But the instant Avesta and Aspara were born, they were the two stars by which Eik measured time’s passage. First steps, first words. First birthday. Second. When they turned two, he wondered for the first time if they would never meet Seraphina or Bexley or Asterion. If he would never see them again. It had always seemed, for some reason, inevitable-- he had taken it for granted. He had forgotten, or perhaps just closed his eyes, to the fact that we are all only given so much time… and to die having fulfilled every wish, lived out every assumption, it was either a madness or a godlike management of expectation.

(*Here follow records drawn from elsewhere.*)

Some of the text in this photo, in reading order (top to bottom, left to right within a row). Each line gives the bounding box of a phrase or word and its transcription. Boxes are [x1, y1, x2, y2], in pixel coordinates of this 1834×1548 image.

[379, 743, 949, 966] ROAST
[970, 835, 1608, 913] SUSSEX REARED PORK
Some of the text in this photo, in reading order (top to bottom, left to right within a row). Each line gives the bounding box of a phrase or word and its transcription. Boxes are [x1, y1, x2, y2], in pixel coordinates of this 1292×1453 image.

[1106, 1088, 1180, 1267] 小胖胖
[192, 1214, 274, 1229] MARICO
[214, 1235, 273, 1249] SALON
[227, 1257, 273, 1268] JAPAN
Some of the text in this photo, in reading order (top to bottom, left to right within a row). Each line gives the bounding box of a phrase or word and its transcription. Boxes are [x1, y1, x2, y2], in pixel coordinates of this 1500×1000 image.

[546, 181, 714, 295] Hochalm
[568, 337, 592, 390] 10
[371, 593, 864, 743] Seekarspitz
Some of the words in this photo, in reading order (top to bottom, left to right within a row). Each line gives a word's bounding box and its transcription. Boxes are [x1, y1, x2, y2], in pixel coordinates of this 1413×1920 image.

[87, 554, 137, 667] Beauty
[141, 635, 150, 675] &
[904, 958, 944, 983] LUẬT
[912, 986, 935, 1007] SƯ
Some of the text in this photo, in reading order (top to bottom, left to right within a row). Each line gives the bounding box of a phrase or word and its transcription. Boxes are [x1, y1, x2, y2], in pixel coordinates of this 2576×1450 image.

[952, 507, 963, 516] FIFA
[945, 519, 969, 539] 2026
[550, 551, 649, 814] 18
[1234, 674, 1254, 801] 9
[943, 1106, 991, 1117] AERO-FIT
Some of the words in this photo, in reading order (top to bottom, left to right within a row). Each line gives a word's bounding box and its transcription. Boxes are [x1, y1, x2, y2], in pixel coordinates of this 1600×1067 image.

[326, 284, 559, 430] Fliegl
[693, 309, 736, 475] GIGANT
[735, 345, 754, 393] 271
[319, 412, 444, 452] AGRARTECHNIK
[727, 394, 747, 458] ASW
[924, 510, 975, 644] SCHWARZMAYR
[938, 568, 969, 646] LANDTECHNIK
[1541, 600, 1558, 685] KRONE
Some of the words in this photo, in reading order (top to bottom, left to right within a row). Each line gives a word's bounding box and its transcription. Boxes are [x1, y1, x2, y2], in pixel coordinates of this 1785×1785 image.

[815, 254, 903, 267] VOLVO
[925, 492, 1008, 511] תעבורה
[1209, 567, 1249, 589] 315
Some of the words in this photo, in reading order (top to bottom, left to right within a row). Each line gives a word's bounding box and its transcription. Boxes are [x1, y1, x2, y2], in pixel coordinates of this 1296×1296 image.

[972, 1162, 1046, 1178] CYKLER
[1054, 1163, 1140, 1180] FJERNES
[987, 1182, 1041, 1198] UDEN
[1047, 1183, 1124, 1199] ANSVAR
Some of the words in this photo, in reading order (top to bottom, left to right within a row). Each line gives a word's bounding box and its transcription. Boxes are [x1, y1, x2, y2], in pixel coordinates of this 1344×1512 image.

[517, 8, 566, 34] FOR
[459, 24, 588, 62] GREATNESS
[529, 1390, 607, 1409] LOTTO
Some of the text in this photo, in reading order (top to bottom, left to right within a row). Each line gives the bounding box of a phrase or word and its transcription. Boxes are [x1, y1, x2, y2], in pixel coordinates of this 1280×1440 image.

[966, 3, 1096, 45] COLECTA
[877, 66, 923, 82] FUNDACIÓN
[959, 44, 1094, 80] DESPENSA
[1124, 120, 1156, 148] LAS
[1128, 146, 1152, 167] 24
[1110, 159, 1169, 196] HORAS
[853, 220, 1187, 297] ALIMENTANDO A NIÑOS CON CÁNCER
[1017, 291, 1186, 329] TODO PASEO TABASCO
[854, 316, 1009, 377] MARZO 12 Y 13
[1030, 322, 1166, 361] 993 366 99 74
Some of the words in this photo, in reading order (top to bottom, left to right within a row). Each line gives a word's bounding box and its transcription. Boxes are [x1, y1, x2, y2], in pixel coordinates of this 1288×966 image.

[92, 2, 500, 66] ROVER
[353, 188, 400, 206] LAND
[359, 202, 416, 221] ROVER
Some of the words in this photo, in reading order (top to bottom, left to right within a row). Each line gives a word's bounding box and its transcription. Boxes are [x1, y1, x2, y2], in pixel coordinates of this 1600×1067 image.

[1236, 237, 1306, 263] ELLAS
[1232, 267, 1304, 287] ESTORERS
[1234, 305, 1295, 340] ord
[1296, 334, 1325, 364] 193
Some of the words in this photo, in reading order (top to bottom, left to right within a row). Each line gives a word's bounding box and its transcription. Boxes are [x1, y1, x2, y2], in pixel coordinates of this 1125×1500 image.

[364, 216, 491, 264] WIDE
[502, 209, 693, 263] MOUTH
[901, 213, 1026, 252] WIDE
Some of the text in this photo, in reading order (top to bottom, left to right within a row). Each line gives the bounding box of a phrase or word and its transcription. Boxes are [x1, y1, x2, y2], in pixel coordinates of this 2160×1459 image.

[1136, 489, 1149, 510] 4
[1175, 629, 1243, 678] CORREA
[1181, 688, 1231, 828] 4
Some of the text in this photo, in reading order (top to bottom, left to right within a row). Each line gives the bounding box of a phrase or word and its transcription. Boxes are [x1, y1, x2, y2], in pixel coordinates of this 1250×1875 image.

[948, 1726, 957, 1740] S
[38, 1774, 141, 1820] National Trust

This is not what he is thinking about when he walks along the beach. He’s in the place beneath words, grey and hazy and reaching, always reaching. (for that white veil, that tattered curtain) Not even the sharp briny tang of the wind could penetrate the shroud of his thoughts. But still, it was always a comfort to be near the water. The lull or the rage of the waves, the hymn or sigh of its song, the endless ways of its being-- all of it he embraced in ways he could not embrace the living. All of it he understood, on some level beneath language, in a way he could not understand people. (in many ways Eik’s magic was wasted on him, for he could read minds but it was often the case that he could not make sense of them.)
It’s hard to say who sees who first. When she turns her head he’s already looking, but who’s to say what he sees?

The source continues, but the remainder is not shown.